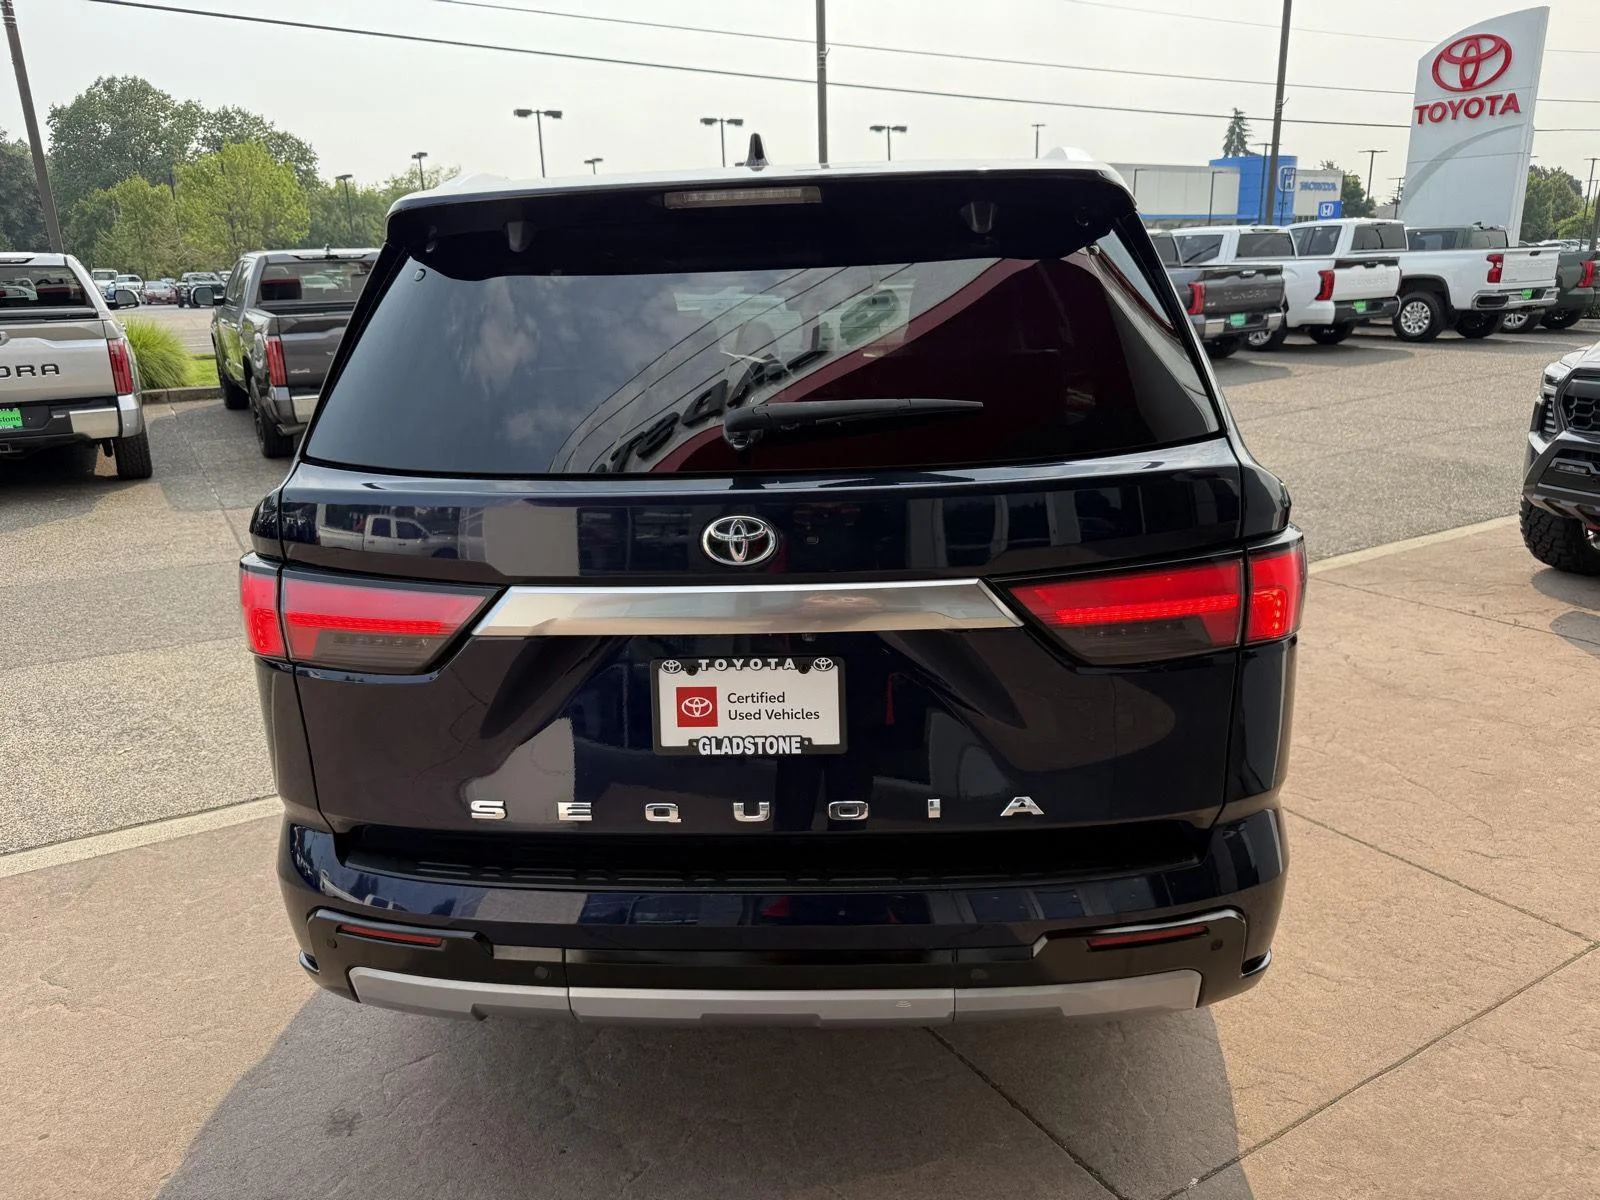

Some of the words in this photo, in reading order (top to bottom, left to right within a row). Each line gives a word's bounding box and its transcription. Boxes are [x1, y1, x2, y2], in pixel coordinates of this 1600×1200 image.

[1414, 93, 1522, 125] TOYOTA
[698, 658, 796, 671] TOYOTA
[727, 692, 786, 704] Certified
[728, 709, 762, 721] Used
[765, 708, 820, 721] Vehicles
[698, 736, 802, 755] GLADSTONE
[470, 796, 1045, 822] SEQUOIA
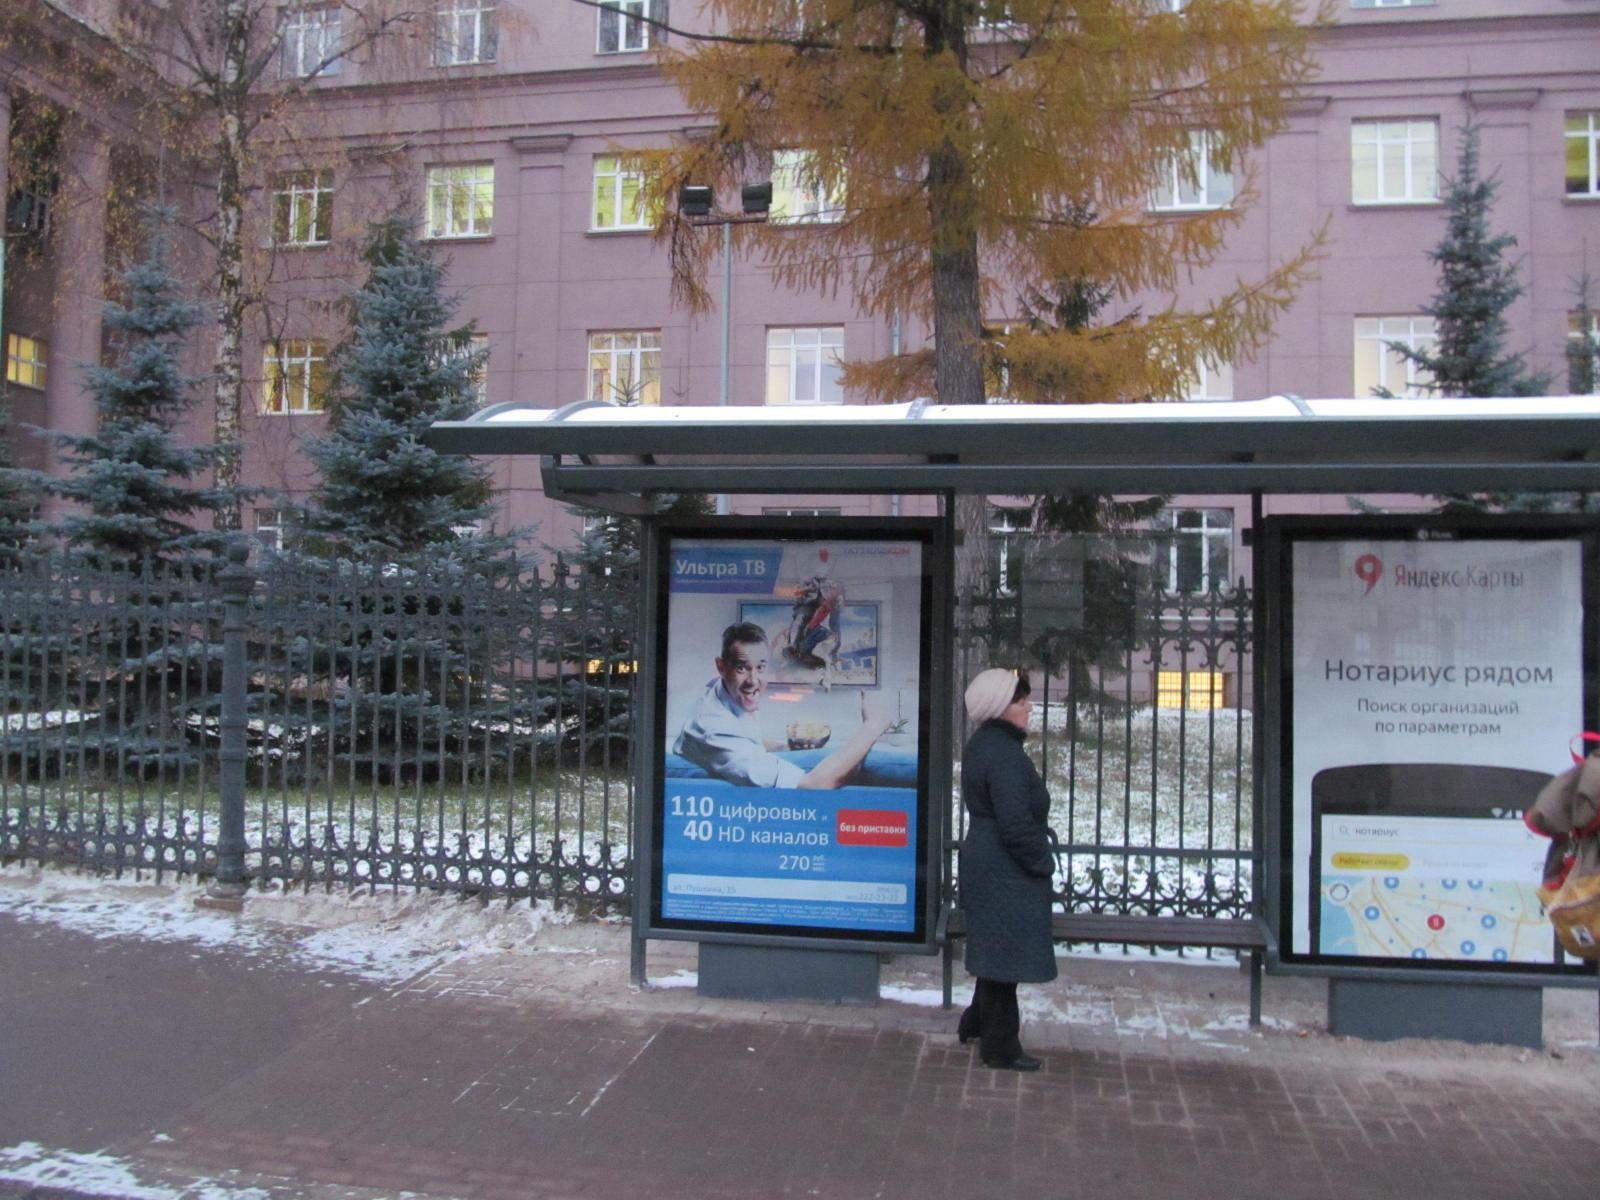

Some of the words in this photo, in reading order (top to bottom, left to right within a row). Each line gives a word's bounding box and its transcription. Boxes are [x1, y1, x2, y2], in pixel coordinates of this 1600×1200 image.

[676, 560, 738, 578] Ультра
[743, 560, 766, 574] ТВ
[1394, 565, 1461, 588] Яндекс
[1466, 565, 1524, 590] Карты
[1325, 659, 1456, 688] Нотариус
[1464, 663, 1553, 687] рядом
[1357, 699, 1407, 713] Поиск
[1411, 699, 1519, 716] организаций
[1375, 722, 1394, 733] по
[1398, 722, 1501, 736] параметрам
[671, 795, 714, 817] 110
[719, 802, 817, 823] цифровых
[683, 820, 713, 841] 40
[719, 826, 745, 842] HD
[751, 828, 829, 846] каналов
[839, 822, 856, 833] без
[857, 823, 906, 835] приставки
[1355, 826, 1399, 838] нотариус
[778, 855, 810, 871] 270
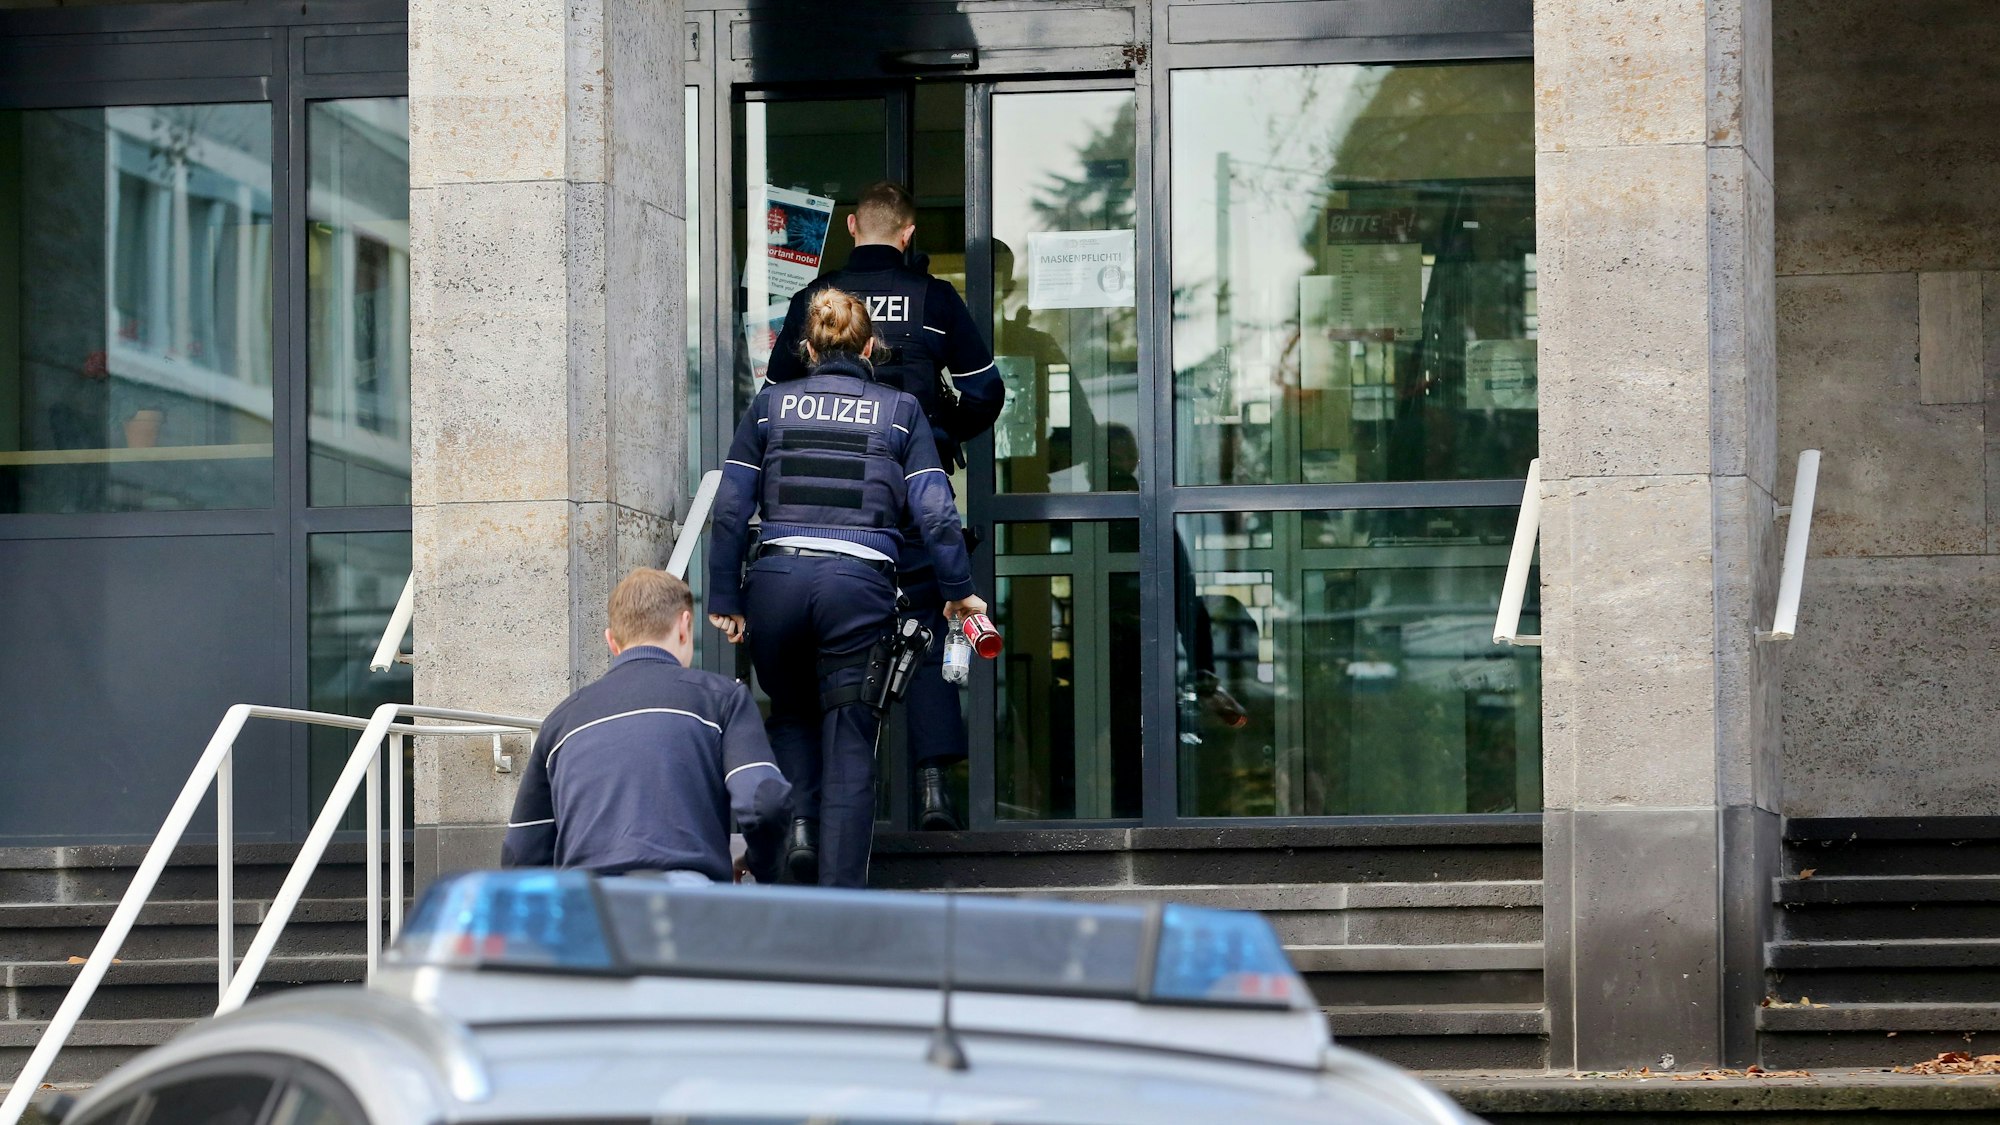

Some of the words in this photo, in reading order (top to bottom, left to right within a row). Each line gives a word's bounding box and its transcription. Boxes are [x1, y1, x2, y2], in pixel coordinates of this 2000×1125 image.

[768, 249, 794, 259] ortant
[796, 254, 817, 264] note!
[1040, 252, 1122, 264] MASKENPFLICHT!
[866, 296, 910, 322] IZEI
[780, 394, 880, 425] POLIZEI
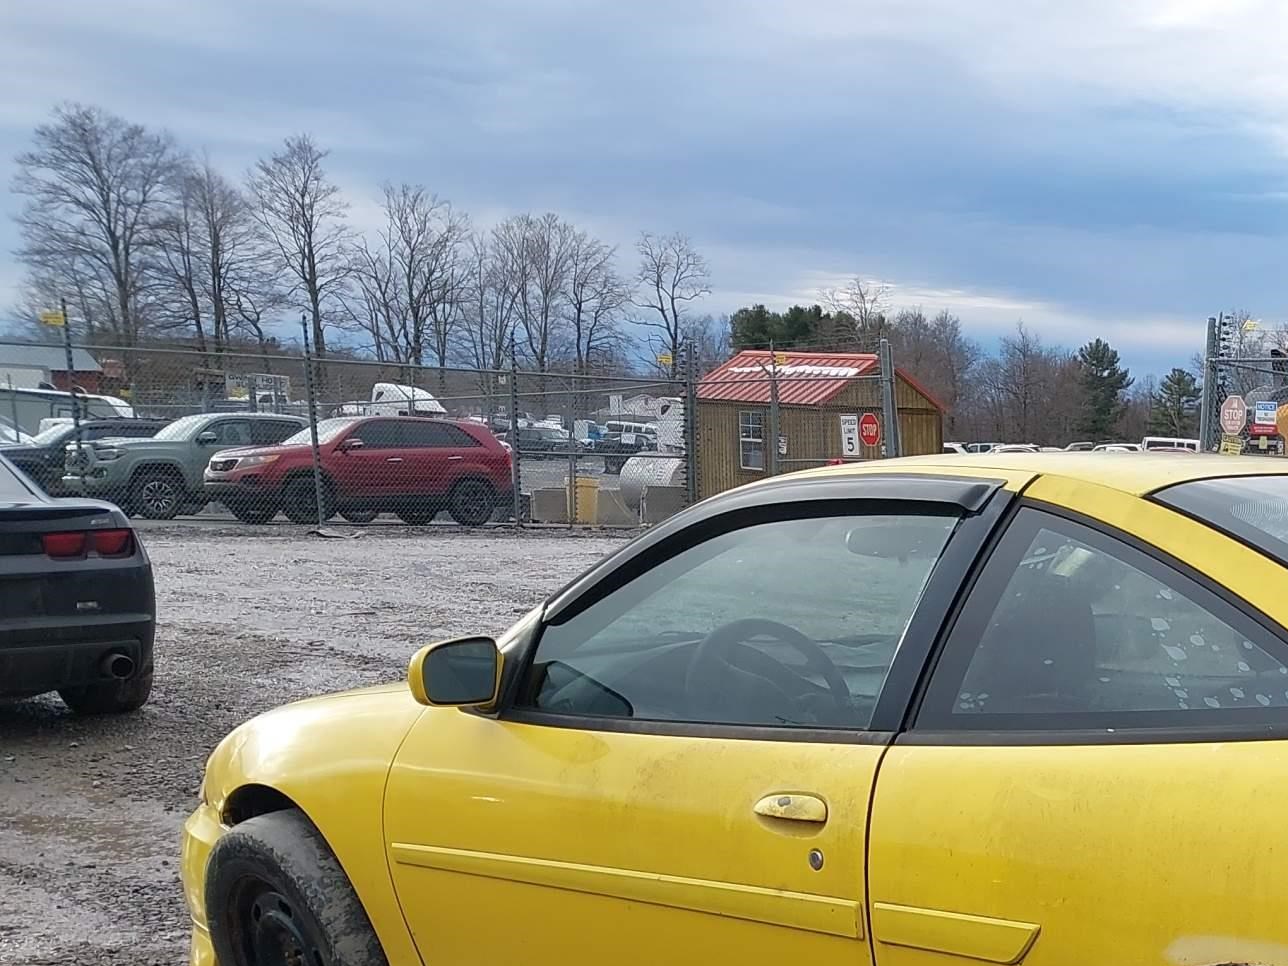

-=-=-=-=-

• [What you should do] Repeat the listing above word for word, omitting the pictures.

• [Exercise result]
Some of the words in this photo, in reading order (top to bottom, left to right within a row). Each line gives a word's bounding box and its transcription. Boxes are [x1, y1, x2, y2], in pixel coordinates of this 1600×1200 image.

[1414, 93, 1522, 125] TOYOTA
[698, 658, 796, 671] TOYOTA
[727, 692, 786, 704] Certified
[728, 709, 762, 721] Used
[765, 708, 820, 721] Vehicles
[698, 736, 802, 755] GLADSTONE
[470, 796, 1045, 822] SEQUOIA

Some of the words in this photo, in reading order (top to bottom, left to right within a row). Each line gives a word's bounding box and its transcription. Boxes are [x1, y1, x2, y2], in pixel coordinates of this 1600×1200 image.

[676, 560, 738, 578] Ультра
[743, 560, 766, 574] ТВ
[1394, 565, 1461, 588] Яндекс
[1466, 565, 1524, 590] Карты
[1325, 659, 1456, 688] Нотариус
[1464, 663, 1553, 687] рядом
[1357, 699, 1407, 713] Поиск
[1411, 699, 1519, 716] организаций
[1375, 722, 1394, 733] по
[1398, 722, 1501, 736] параметрам
[671, 795, 714, 817] 110
[719, 802, 817, 823] цифровых
[683, 820, 713, 841] 40
[719, 826, 745, 842] HD
[751, 828, 829, 846] каналов
[839, 822, 856, 833] без
[857, 823, 906, 835] приставки
[1355, 826, 1399, 838] нотариус
[778, 855, 810, 871] 270

Some of the words in this photo, in reading order (top to bottom, left to right within a row). Each line gives a word's bounding box and its transcription. Boxes are [x1, y1, x2, y2], in pixel coordinates of this 2000×1125 image.

[768, 249, 794, 259] ortant
[796, 254, 817, 264] note!
[1040, 252, 1122, 264] MASKENPFLICHT!
[866, 296, 910, 322] IZEI
[780, 394, 880, 425] POLIZEI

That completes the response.